What you need to do: Every record that follows should appear again in your answer, exactly the same.

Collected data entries
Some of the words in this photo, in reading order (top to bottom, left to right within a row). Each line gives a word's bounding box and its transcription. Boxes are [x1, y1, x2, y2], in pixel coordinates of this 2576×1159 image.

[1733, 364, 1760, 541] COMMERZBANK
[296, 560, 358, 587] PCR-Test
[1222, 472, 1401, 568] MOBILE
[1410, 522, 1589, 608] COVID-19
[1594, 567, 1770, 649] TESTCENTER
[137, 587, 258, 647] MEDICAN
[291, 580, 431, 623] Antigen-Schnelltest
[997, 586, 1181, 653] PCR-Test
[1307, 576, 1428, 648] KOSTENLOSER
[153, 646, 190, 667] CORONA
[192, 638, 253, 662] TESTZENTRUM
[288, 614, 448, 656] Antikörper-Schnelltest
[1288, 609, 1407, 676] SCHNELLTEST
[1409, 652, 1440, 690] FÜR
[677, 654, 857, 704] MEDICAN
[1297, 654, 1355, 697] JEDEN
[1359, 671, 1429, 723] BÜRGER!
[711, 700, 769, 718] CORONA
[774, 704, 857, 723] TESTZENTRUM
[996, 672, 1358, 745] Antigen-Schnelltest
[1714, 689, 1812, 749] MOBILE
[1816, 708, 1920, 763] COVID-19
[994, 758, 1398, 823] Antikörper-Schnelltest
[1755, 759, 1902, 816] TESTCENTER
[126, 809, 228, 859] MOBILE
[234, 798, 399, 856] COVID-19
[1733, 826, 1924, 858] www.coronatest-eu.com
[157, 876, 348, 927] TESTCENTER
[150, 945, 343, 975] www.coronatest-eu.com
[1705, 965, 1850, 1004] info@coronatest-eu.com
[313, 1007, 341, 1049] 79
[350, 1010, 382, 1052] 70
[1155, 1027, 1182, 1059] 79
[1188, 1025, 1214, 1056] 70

Response for this exercise:
Some of the words in this photo, in reading order (top to bottom, left to right within a row). Each line gives a word's bounding box and its transcription. Boxes are [x1, y1, x2, y2], in pixel coordinates of this 2576×1159 image.

[1733, 364, 1760, 541] COMMERZBANK
[296, 560, 358, 587] PCR-Test
[1222, 472, 1401, 568] MOBILE
[1410, 522, 1589, 608] COVID-19
[1594, 567, 1770, 649] TESTCENTER
[137, 587, 258, 647] MEDICAN
[291, 580, 431, 623] Antigen-Schnelltest
[997, 586, 1181, 653] PCR-Test
[1307, 576, 1428, 648] KOSTENLOSER
[153, 646, 190, 667] CORONA
[192, 638, 253, 662] TESTZENTRUM
[288, 614, 448, 656] Antikörper-Schnelltest
[1288, 609, 1407, 676] SCHNELLTEST
[1409, 652, 1440, 690] FÜR
[677, 654, 857, 704] MEDICAN
[1297, 654, 1355, 697] JEDEN
[1359, 671, 1429, 723] BÜRGER!
[711, 700, 769, 718] CORONA
[774, 704, 857, 723] TESTZENTRUM
[996, 672, 1358, 745] Antigen-Schnelltest
[1714, 689, 1812, 749] MOBILE
[1816, 708, 1920, 763] COVID-19
[994, 758, 1398, 823] Antikörper-Schnelltest
[1755, 759, 1902, 816] TESTCENTER
[126, 809, 228, 859] MOBILE
[234, 798, 399, 856] COVID-19
[1733, 826, 1924, 858] www.coronatest-eu.com
[157, 876, 348, 927] TESTCENTER
[150, 945, 343, 975] www.coronatest-eu.com
[1705, 965, 1850, 1004] info@coronatest-eu.com
[313, 1007, 341, 1049] 79
[350, 1010, 382, 1052] 70
[1155, 1027, 1182, 1059] 79
[1188, 1025, 1214, 1056] 70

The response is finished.